= Bahad 16 =

Israel Defense Forces search and rescue training base

Unit wings

Bahad 16 (בה"ד 16; lit: Training base 16) is a training base (bahad) belonging to the Israel Defense Forces (IDF) under the command of the Home Front Command domestic Search and Rescue (SAR) unit. Because it is the only SAR training base, Bahad 16 is synonymous with the SAR unit itself. Since 2021 it is located at the Rehavam Camp, Ramla, which is also the headquarters of the Home Front Command. Previously it was located within the disestablished Tzrifin base.

This unit should not be confused with Unit 669. Bahad 16 is a domestic search and rescue unit, primarily operating in times of natural disasters, while Unit 669 is the Israeli Air Force's Tactical Combat Search and Rescue (CSAR) unit that operates behind enemy lines.

== History ==
IDF Home Front Command Search and Rescue unit was a re-organization of HaGaHa, the Israeli civil defense force. It was created in February 1992 following the Gulf War, which, as the most threatening war to Israel's homeland since the 1948 Arab-Israeli War, led to a perceived need for more security beyond the border.

== Purpose ==
The SAR unit serves as a ready unit for natural disasters (such as earthquakes and floods), for civil disasters (such as the Versailles wedding hall disaster), and for response to deliberate military or para-military attacks (such as with Katyusha, Grad or Scud rockets or with IEDs).

The Rescue Brigade has three main roles:

1. Training soldiers and civilians, both within and outside of the Home Front Command, in the fields of rescue, NBC (nuclear, biological, and chemical) warfare, and civil defense.
2. Training Home Front Command units for their missions (including reserve units and regular combat battalions).
3. Training Home Front Command headquarters.

The brigade trains soldiers in all rear defense professions, including rescue and evacuation, NBC, and population management. The reserve battalions of the Home Front Command undergo training and exercises there. Additionally, the brigade is prepared to assist in rescue operations both domestically and internationally when needed. With the relocation of most of the training bases from Tzrifin to the Negev as part of the City of Training Bases project, the training base has moved to Camp Rehavam, where the Home Front Command headquarters is currently located.

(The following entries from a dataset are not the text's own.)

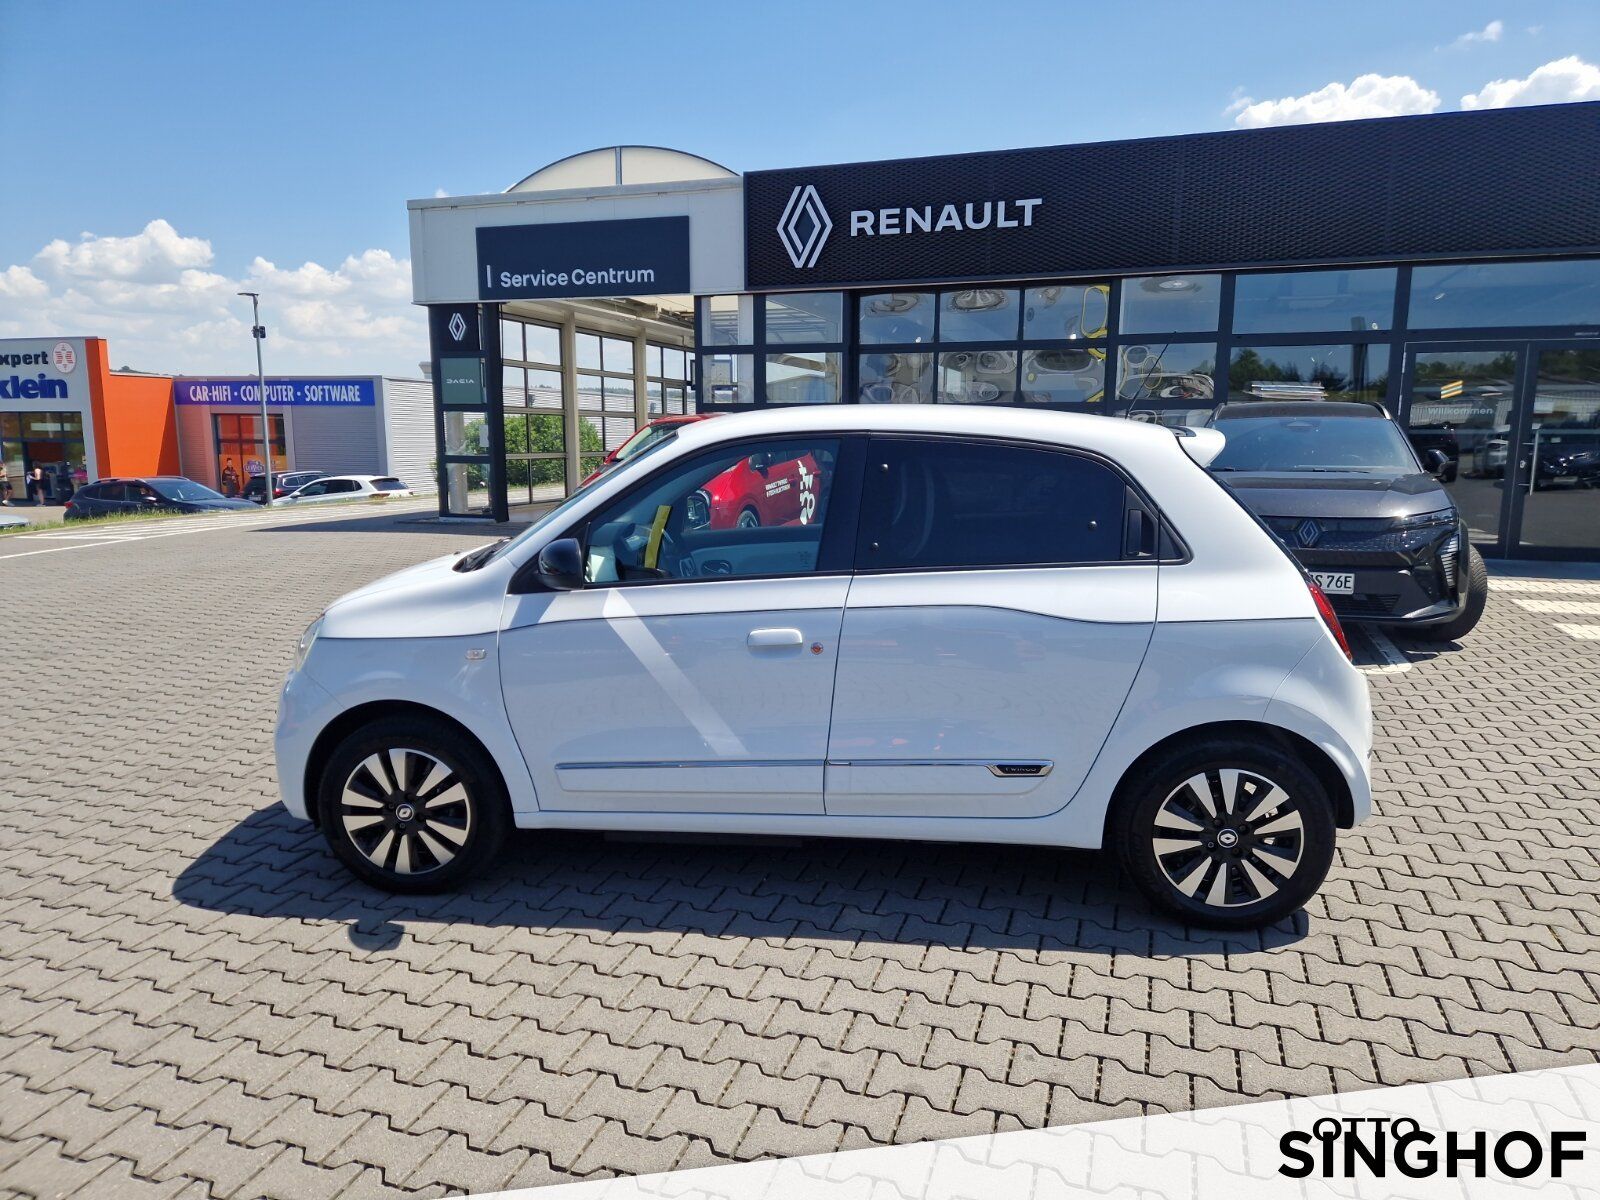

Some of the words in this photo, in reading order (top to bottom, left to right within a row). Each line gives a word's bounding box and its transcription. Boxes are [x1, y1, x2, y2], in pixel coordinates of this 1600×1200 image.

[850, 198, 1043, 237] RENAULT
[500, 269, 568, 288] Service
[571, 268, 655, 286] Centrum
[189, 386, 231, 402] CAR-HIFI
[304, 385, 360, 402] SOFTWARE
[1427, 406, 1493, 415] Willkommen
[1326, 575, 1352, 589] 76E
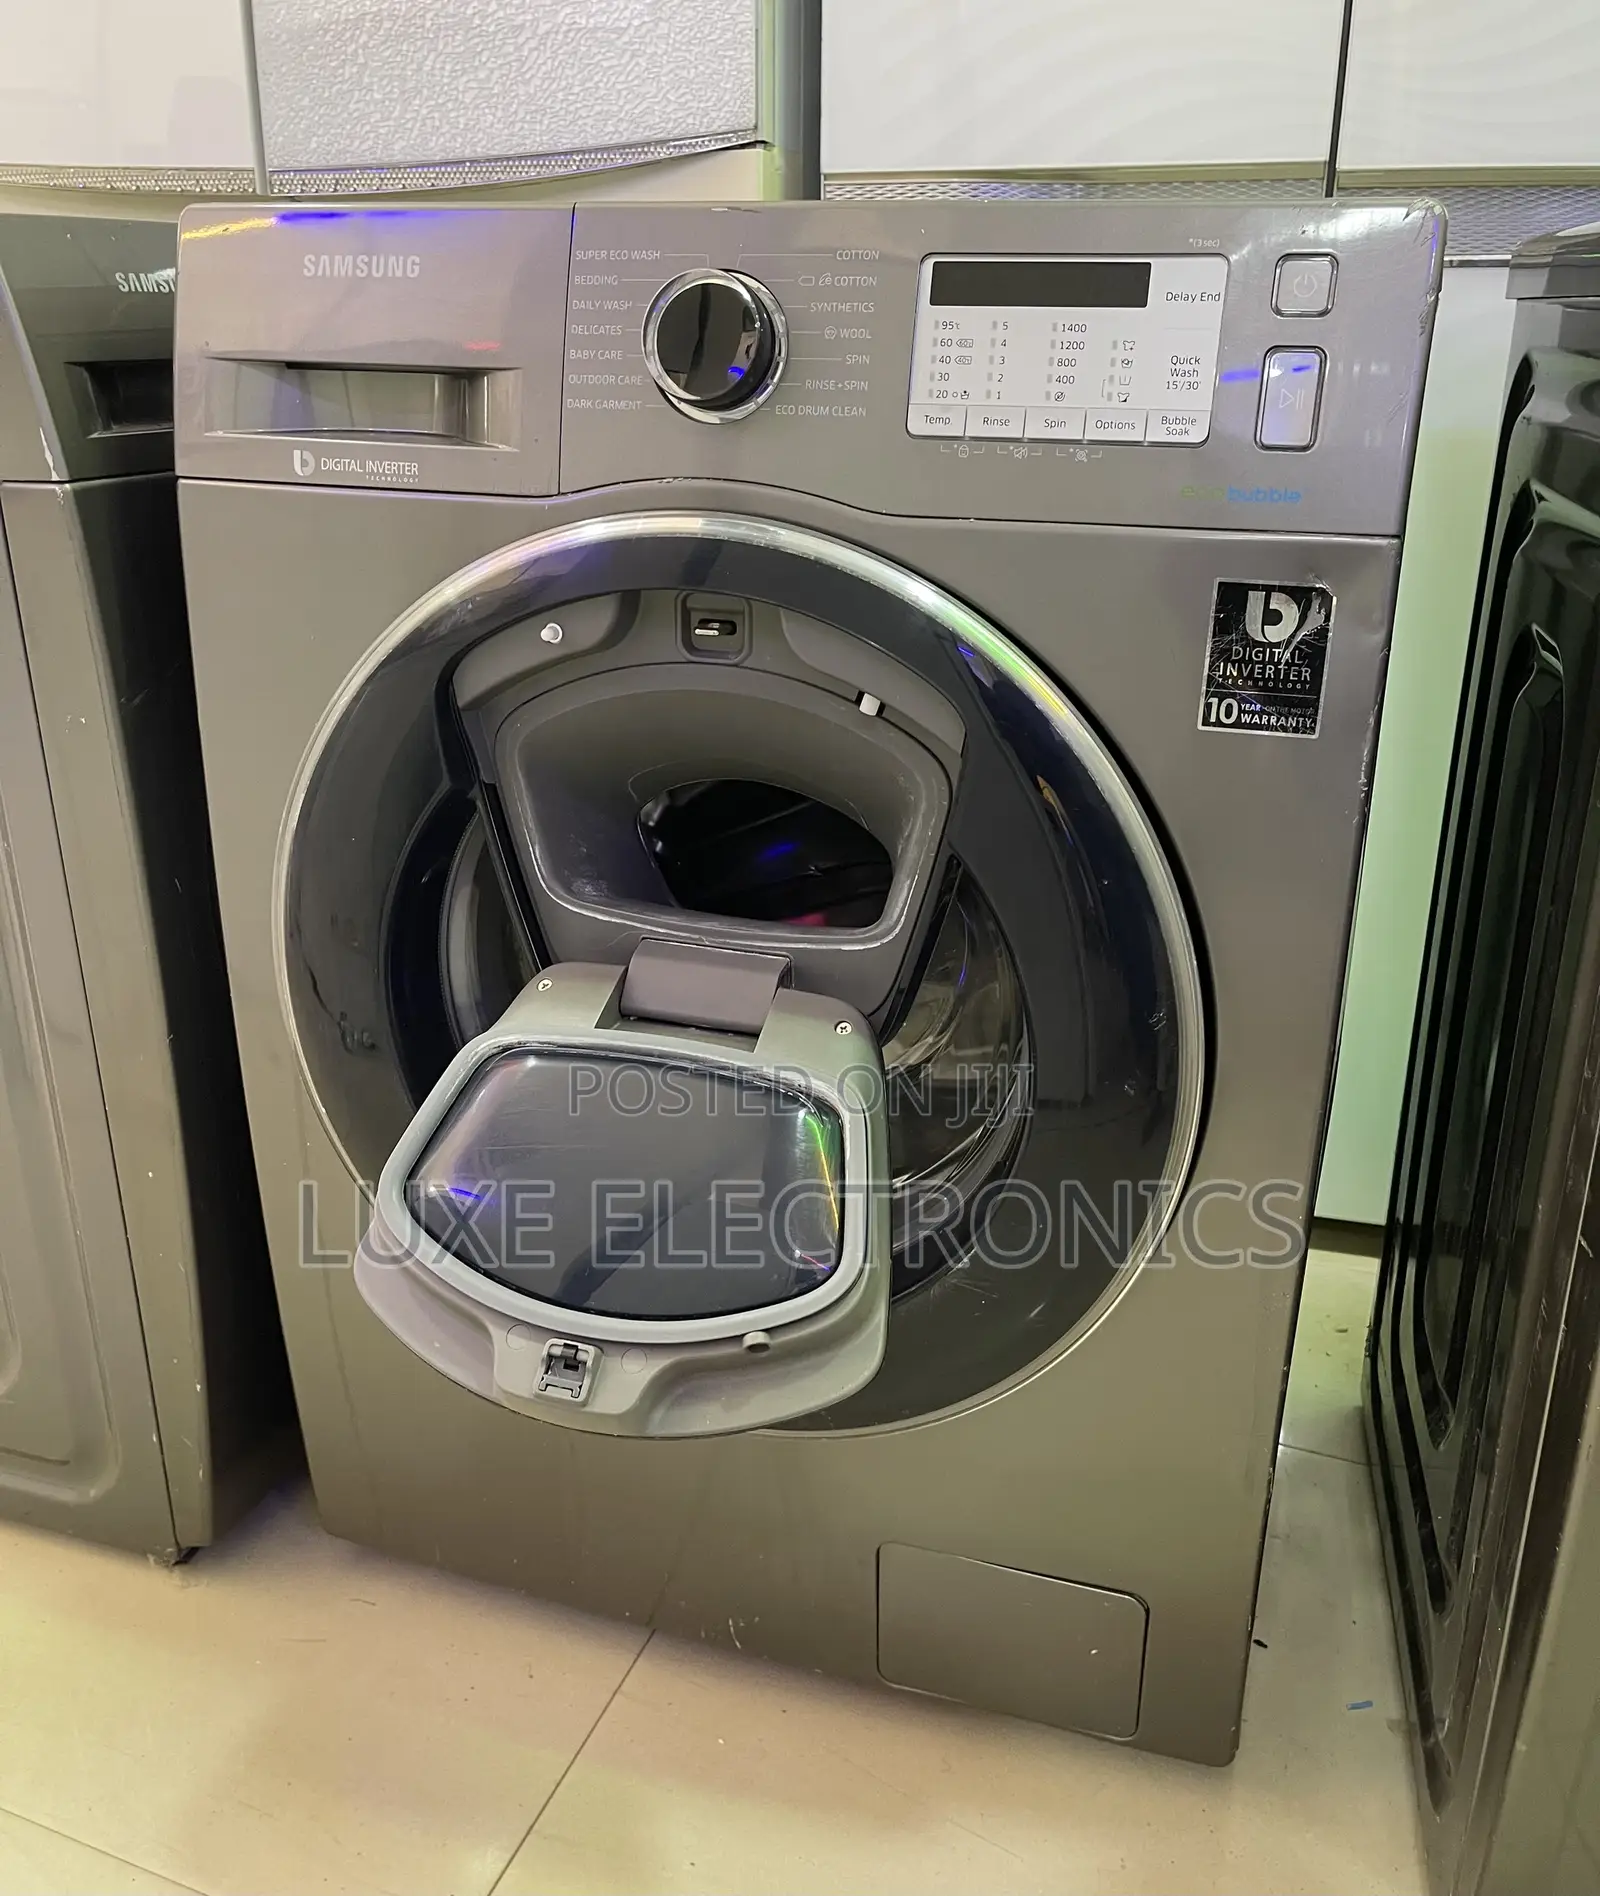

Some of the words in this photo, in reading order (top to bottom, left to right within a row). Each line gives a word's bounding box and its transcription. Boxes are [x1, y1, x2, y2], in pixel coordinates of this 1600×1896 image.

During Operation Defensive Shield in 2002, four-man teams from the unit were attached to infantry units in Jenin and Ramallah. There, teams facilitated troop movement by breaking openings in walls between houses (known as mouse-holing/Rhizome Manoeuvre).

== Operations ==
Since its formation, the unit has operated both in Israel and abroad, including in Greece, Turkey, Haiti, Brazil and Buenos Aires.

- Nepal (2015)
Following deadly earthquakes, Israel operated the largest humanitarian presence in Nepal, with over 250 doctors and rescue personnel.
- Port-au-Prince, Haiti (2010)
Following a 7.0 magnitude earthquake two teams were sent from the unit as part of a large Israeli delegation.
- Beit Yehoshua, Israel (2006)
Train Wreck
- Tel Aviv, Israel (2006)
Collapsed building due to a gas explosion
- Nairobi, Kenya (2006)
Following the collapse of a five-story building in Nairobi, Kenya, on January 23, 2006, Bahad 16 & Yachtza forces arrived 23 hours after the disaster. At that stage, two people were still buried under the building and special techniques (tunneling and scalping) were required to secure their evacuation. The two people were evacuated and both recovered after a short stay in hospital.
- Jaffa, Israel (2005)
A crane collapsed on a building
- Revidim, Israel (2005)
Train Wreck
- Jerusalem (2001)
Following the collapse of the Versailles wedding hall, Bahad 16 & Yachtza forces arrived within an hour of the disaster. During the rescue operation 23 bodies were excavated and 3 people were removed alive.
- Gölcük, Turkey (1999)
After the İzmit earthquake, Israeli forces were sent to assist with rescue efforts at the Gölcük Naval base.